Karuthamma is a 1994 Indian Tamil-language drama film produced and directed by Bharathiraja from a story by M. Rathnakumar. The film stars Raja, Rajashree and Maheswari, with Saranya, Periyar Dasan, Ponvannan, Vadivukkarasi, Vaani, Vadivelu, and Janagaraj in supporting roles. It is set in a village where female infanticide is prevalent and considered acceptable, but the title character is against the practice. The music was scored by A. R. Rahman with cinematography by B. Kannan and editing by K. Pazhanivel.

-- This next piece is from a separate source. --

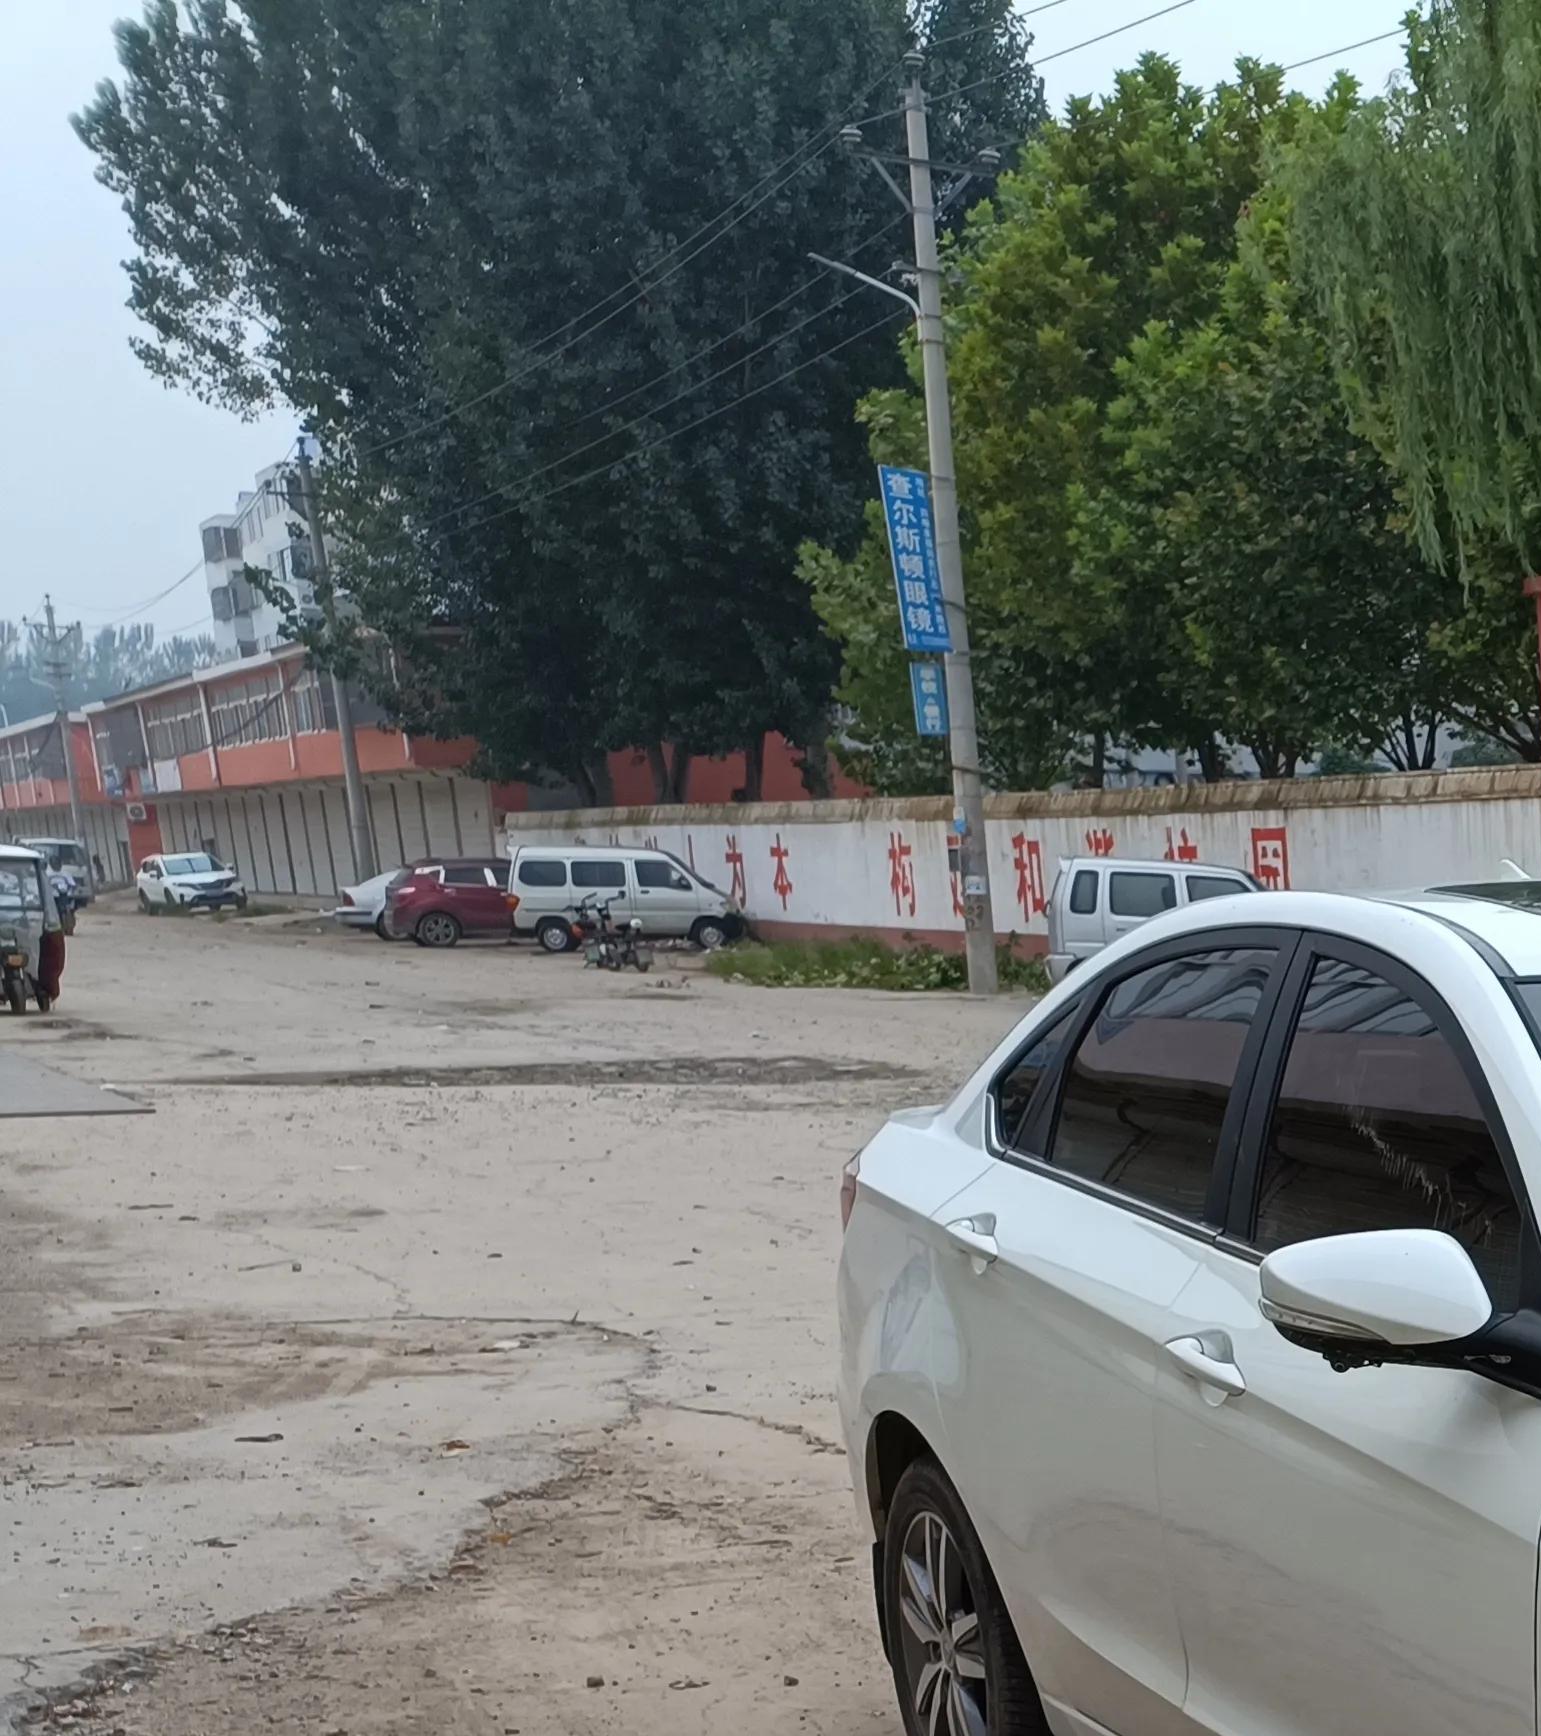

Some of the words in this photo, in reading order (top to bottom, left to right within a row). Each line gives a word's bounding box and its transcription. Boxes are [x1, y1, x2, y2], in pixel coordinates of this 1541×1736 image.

[887, 473, 933, 632] 查尔斯顿眼镜

Karuthamma was released on 3 November 1994 and became a commercial success. Besides being the blockbuster of that year, the film won three National Film Awards, four Tamil Nadu State Film Awards and the Filmfare Award for Best Film – Tamil. The film brought widespread attention to the practice of female infanticide and compelled the government at national and state levels to enact various laws to curb this practice.

Plot 

Mokkatha, the wife of Mokkaiyan, a farmer in Pottalpetti village, is in labour. They already have two daughters and are keen to have a son; two daughters born earlier were killed soon after birth by feeding them with poisonous cactus extract. Unable to pay hefty dowries for their daughters' marriages, the villagers consider female infanticide acceptable. A new school teacher, Soosai, feels sad on learning about this practice. When Mokkatha delivers a girl again, Mokkaiyan orders the village midwife Mooli to kill the baby. Mooli reluctantly tries to feed the cactus extract to the baby at a secluded place. Soosai notices this, meets her, and requests to hand over the infant so that he can raise her. She hands over the infant, and he moves away from the village.

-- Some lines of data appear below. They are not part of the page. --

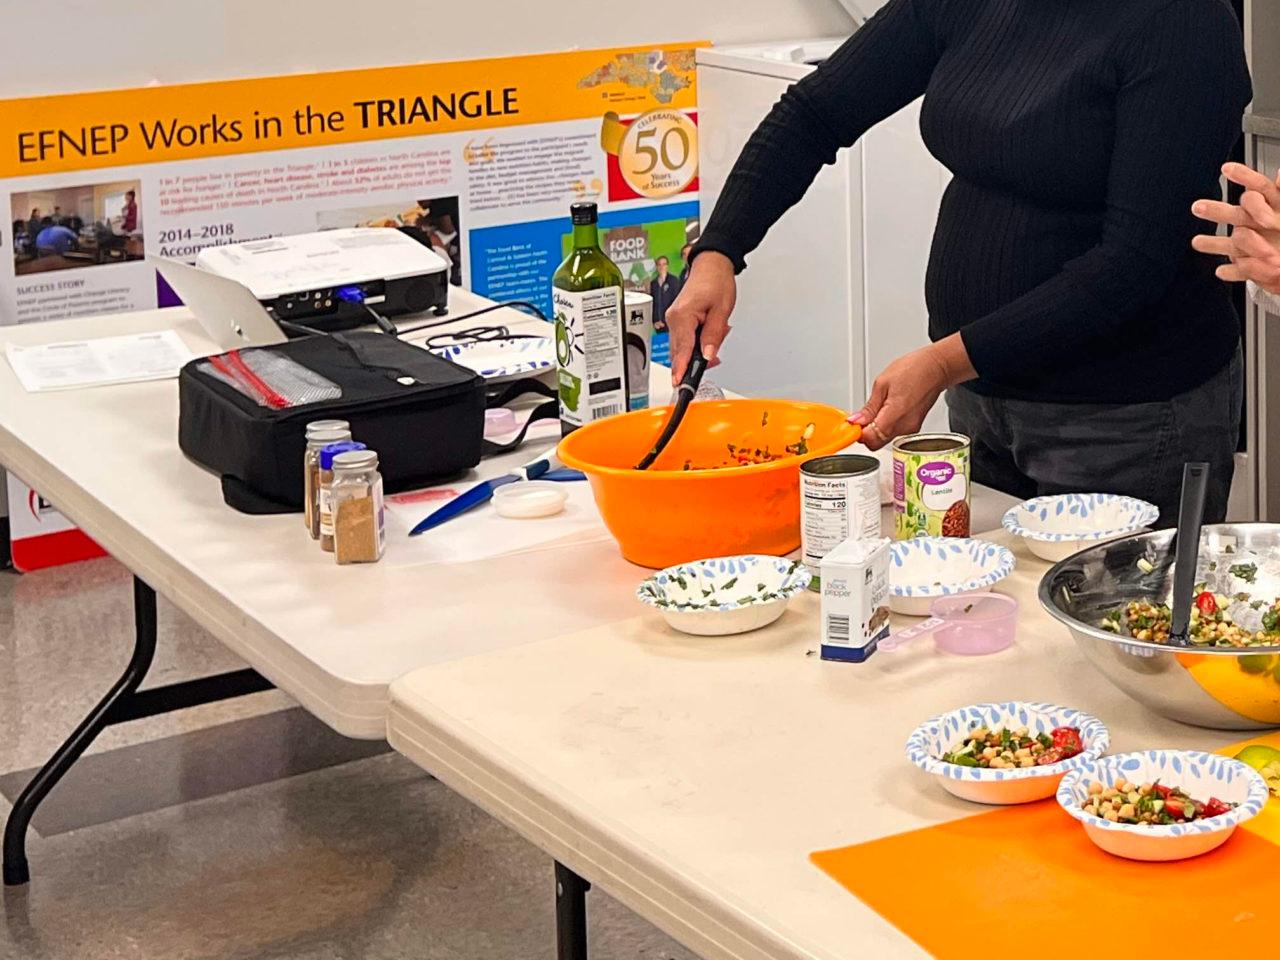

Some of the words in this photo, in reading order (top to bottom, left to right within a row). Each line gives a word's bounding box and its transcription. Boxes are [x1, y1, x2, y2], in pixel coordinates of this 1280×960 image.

[18, 124, 129, 163] EFNEP
[139, 114, 243, 150] Works
[254, 111, 282, 139] in
[294, 105, 345, 136] the
[353, 88, 520, 129] TRIANGLE
[637, 113, 682, 129] CELEBRATING
[632, 127, 690, 175] 50
[651, 172, 672, 181] Years
[651, 180, 680, 190] Success
[610, 237, 645, 252] FOOD
[610, 248, 646, 262] BANK
[920, 467, 952, 479] Organic
[825, 590, 852, 598] pepper

Years later, Stephen, a veterinarian, comes to the village. Mokkaiyan's first daughter Ponnatha is married to Thavasi, the son of Mokkaiyan's nefarious sister Kaliamma. The second daughter, Karuthamma, takes care of the family. After getting into some tiff with Stephen, Karuthamma falls in love with him.

Ponnatha has two daughters and is pregnant for the third time. As a girl is born again, Kaliamma orders to kill it. To save her child, Ponnatha escapes with her baby and is chased by Thavasi, who beats her to death; the child also dies. He and Kaliamma lie that Ponnatha committed suicide as her third child was also a girl. Karuthamma, devastated by the death of her sister, does not believe this story. Ponnatha had earlier expressed her fear to her that if she delivered a girl again, Kaliamma would kill her.

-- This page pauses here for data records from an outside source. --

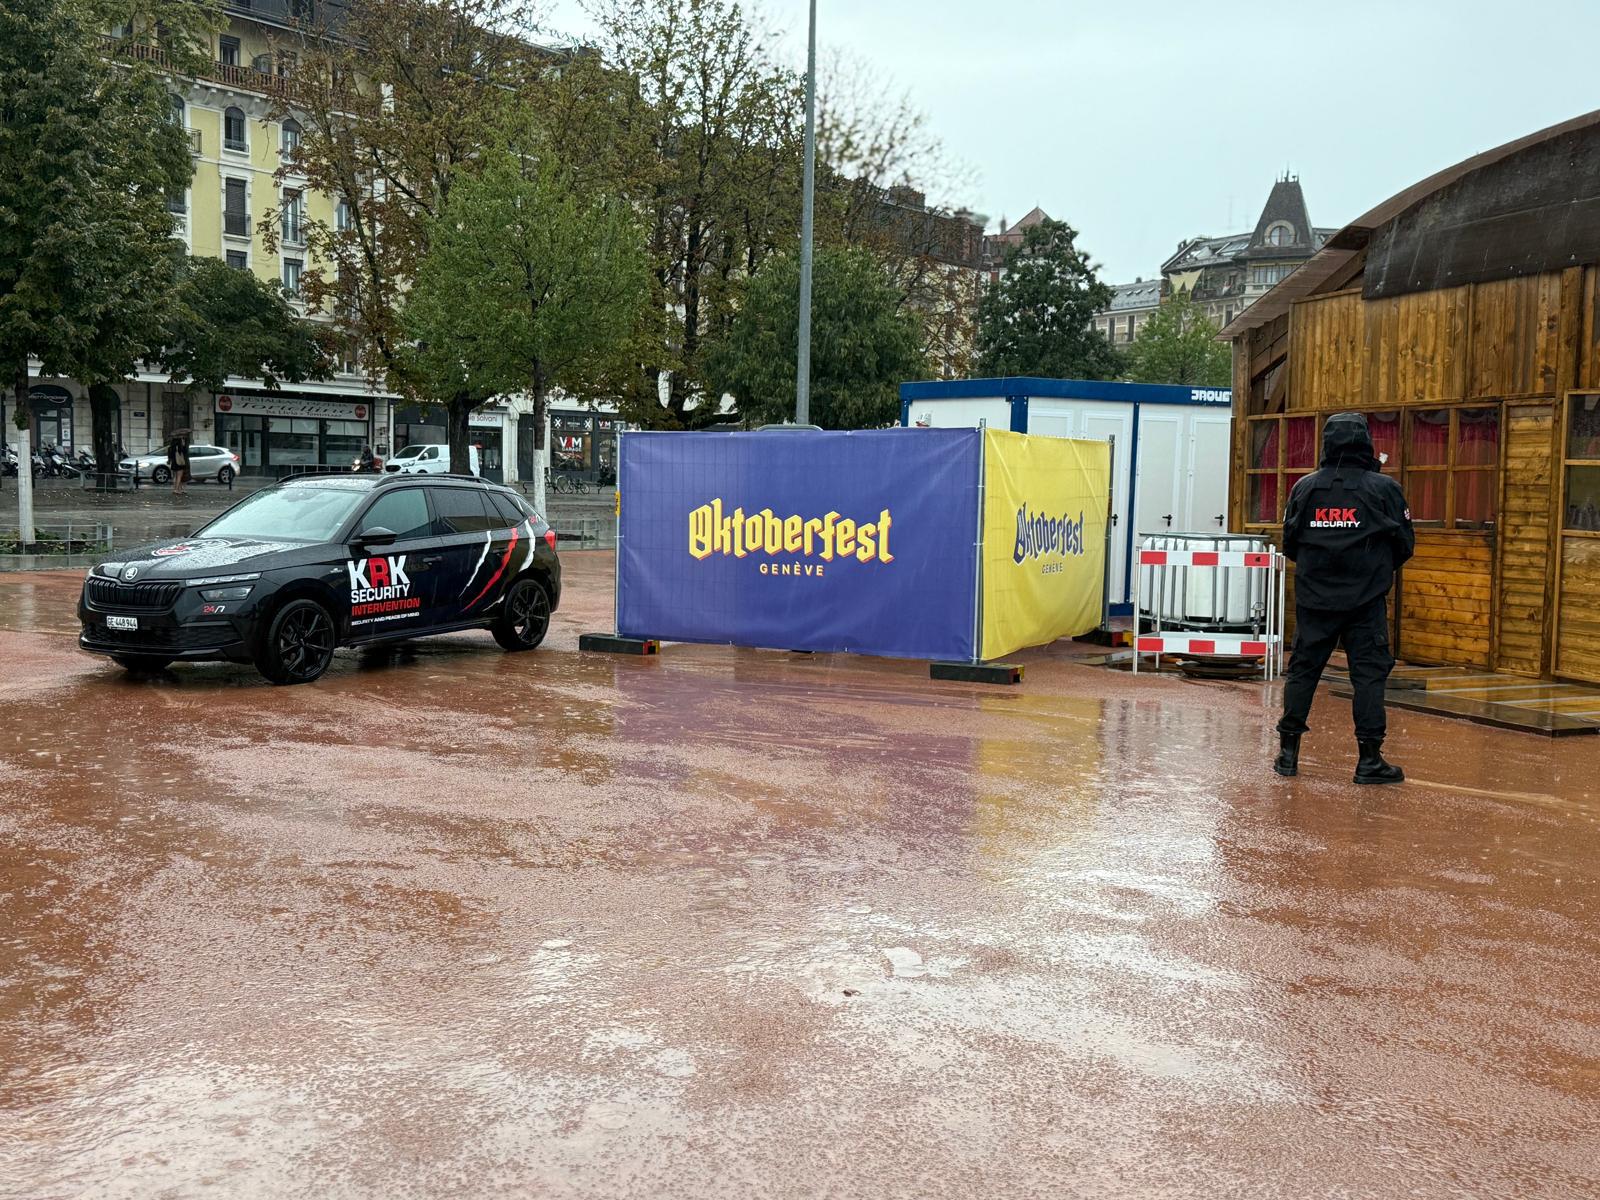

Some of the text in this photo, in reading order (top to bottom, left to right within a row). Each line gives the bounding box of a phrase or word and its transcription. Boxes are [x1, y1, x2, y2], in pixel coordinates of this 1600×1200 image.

[1310, 520, 1360, 528] SECURITY
[1315, 508, 1357, 521] KRK
[689, 498, 894, 564] Oktoberfest
[1013, 501, 1084, 566] Oktoberfest
[347, 555, 410, 590] KRK
[759, 561, 824, 576] GENÈVE
[351, 583, 410, 604] SECURITY
[203, 605, 226, 615] 24/7
[351, 597, 420, 616] INTERVENTION

When Karuthamma is giving a ceremonial bath to Ponnatha's body, she notices bloodstains on her abdomen. Concluding that she was murdered, Karuthamma stops the funeral and rushes to tell the police. The village chairman Chellamuthu, who is close to Thavasi, asks the police not to intervene, and they comply. Karuthamma refuses to leave the station. Stephen, who was passing by, threatens action against the police if they do not act on her complaint, as he is also a government employee. With no option, the police takes Ponnatha's body away and arrests Thavasi and Kaliamma.

Rosy, a doctor, comes to meet her close relative Stephen. Her presence and closeness with Stephen are misunderstood by Karuthamma. Rosy loves Stephen, but he only likes her. Kaliamma's husband celebrates her arrest by drinking with Mokkaiyan, who is not used to liquor. Mokkaiyan suffers a paralytic attack and loses control of his limbs. Rosy tends to him, and in the process gets attached to Mokkaiyan and Karuthamma.

A few weeks later, when Thavasi and Kaliamma get bail, they come to attack Karuthamma, but Stephen saves her. Chellamuthu manipulates the villagers into accepting Thavasi's proposal that Karuthamma must marry Thavasi to take care of Ponnatha's daughters (by which the police case will also be closed). Chellamuthu, who has lent money to Mokkaiyan, threatens and seeks immediate repayment if he does not accept this proposal.

Thavasi's father realises that his son is using the young children as bait and takes away the children with him one night. However, he is caught by Thavasi, who, motivated by Chellamuthu, burns his father to death. Thavasi takes the children away and forces Karuthamma to come with him to their village to marry him. Shocked with all this, Mokkaiyan consumes poison and is on his deathbed.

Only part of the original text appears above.